Les spots de lumière mettaient en avant les yeux de Luce. Elle semblait encore moins réelle désormais.
Parce qu'Ange n'avait rien répondu et que la jeune femme commençait à douter de son courage, elle attrapa la deuxième main de l'homme et doucement, la positionna sur sa taille.
— Je ne vais pas te bouffer ou bien te mettre une baffe parce que tu me touches, tu sais ?
Il aurait voulu être capable de répondre. Mais maintenant, Ange se trouvait aphone.
— Ange ? s'inquiéta Luce.
Comme celui-ci ne dit rien, la jeune femme crispa ses doigts sur la main droite du concerné.
— Est-ce que ça va ?
Ange ravala sa salive et fit des efforts pour répondre, d'une voix bien trop grave à son goût. C'était comme s'il rapprenait à parler. Il se sentait rouillé :
— Ça va. C'est juste que... C'est comme si je vivais un rêve éveillé et... J'ai peur de faire un faux pas et de te voir disparaître.
Il avait dit cela avec tant de douceur que Luce ne put empêcher le frisson de parcourir son échine. Pourtant, elle n'abandonna rien. En effet, ses doigts quittèrent la main d'Ange pour remonter le long de son poignet. Elle apprécia dans un sourire de sentir les poils de ce dernier. Pas poilu comme un singe, il avait tout de même les avant-bras recouverts. Virilité et douceur... La jeune femme sentit son cœur fondre, une fois de plus.

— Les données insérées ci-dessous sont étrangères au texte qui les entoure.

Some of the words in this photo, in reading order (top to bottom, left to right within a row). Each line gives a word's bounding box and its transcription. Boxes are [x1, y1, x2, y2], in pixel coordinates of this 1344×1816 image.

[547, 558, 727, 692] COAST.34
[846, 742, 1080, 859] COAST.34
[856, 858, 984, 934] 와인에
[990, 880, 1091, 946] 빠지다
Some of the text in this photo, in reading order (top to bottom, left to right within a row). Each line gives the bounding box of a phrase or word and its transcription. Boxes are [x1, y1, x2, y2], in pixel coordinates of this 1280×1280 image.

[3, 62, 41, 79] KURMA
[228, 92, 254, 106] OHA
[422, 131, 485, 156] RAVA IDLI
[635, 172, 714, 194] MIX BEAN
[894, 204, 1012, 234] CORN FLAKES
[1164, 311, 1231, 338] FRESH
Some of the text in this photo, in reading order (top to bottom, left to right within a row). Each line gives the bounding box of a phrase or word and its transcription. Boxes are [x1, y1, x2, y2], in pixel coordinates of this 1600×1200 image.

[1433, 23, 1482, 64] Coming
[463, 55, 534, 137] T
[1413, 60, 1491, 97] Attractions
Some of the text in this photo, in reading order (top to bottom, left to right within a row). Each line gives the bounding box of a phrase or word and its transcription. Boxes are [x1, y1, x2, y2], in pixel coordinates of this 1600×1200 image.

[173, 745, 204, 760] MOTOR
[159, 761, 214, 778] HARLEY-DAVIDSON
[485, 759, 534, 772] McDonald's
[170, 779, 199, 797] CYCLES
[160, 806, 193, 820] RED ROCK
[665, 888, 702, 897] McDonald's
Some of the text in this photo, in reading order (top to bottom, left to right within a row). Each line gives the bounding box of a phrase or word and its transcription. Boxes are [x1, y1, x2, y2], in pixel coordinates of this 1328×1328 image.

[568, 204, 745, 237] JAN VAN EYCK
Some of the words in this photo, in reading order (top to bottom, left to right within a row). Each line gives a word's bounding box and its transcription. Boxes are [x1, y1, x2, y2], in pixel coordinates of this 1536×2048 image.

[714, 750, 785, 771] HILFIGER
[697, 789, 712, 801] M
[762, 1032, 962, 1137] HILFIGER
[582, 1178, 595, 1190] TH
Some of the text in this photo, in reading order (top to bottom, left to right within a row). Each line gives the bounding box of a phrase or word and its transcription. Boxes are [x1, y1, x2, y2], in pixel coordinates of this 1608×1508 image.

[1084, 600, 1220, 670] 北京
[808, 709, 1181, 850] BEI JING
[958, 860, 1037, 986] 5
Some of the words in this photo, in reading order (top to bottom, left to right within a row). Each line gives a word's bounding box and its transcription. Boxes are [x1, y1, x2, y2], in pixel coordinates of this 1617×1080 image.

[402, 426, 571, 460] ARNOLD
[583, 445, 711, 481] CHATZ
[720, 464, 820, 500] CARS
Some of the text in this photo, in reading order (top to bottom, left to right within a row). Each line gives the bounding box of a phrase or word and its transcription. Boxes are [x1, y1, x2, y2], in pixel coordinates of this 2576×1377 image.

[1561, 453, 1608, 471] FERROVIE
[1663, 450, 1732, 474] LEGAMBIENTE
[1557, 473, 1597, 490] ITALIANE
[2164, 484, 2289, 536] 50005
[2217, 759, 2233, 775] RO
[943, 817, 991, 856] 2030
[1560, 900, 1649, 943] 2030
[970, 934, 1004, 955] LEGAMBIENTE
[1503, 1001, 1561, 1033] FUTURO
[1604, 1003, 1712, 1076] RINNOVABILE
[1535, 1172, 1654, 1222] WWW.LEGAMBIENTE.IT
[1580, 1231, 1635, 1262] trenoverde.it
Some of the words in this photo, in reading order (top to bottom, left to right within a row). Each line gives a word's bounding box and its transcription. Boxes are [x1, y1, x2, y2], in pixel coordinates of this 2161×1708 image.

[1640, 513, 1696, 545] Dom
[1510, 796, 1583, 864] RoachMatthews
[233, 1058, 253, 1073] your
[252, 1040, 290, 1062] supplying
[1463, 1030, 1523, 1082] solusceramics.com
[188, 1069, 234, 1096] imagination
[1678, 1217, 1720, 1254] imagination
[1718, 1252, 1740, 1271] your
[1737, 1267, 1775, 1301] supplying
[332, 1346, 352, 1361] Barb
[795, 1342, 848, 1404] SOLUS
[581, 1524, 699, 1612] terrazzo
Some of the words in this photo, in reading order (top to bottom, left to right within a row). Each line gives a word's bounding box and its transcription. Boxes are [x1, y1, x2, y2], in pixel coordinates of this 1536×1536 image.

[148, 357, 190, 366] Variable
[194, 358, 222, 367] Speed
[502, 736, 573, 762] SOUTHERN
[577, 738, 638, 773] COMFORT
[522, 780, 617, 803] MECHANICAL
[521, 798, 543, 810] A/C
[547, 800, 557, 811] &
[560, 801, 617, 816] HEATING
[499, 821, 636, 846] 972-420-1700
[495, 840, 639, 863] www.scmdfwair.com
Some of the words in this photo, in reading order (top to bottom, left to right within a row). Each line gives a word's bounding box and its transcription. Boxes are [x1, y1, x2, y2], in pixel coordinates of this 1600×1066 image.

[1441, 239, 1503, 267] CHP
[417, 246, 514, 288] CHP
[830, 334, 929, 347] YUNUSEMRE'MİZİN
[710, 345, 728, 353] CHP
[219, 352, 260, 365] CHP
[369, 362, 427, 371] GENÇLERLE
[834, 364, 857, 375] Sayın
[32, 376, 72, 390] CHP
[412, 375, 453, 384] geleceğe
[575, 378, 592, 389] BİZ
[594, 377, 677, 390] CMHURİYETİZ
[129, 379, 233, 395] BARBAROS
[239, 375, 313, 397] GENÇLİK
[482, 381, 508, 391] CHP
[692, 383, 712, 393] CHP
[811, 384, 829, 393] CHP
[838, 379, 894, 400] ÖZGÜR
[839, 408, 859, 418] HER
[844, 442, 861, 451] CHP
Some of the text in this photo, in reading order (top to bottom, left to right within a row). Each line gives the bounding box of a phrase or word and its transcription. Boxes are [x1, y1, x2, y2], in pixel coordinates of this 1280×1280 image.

Avec lenteur, elle continua sa route sur les bras d'Ange. Certes, elle l'avait rapidement remarqué, il n'était du genre à être gros, mais elle devait reconnaître qu'il avait tout de même quelques muscles. Et ses épaules, larges, des épaules de nageur... Ses doigts arrivèrent au cou de l'homme. Luce ne l'avait jamais encore touché, uniquement sa nuque. Tout en se mordant les lèvres, la brune frôla sa pomme d'Adam.
L'envie commençait sérieusement à monter alors qu'une question lui brûlait les lèvres.
La main de Luce toucha la mâchoire d'Ange. Carrée, saillante. Une petite barbe de deux jours. Juste de quoi gratter la joue à son contact...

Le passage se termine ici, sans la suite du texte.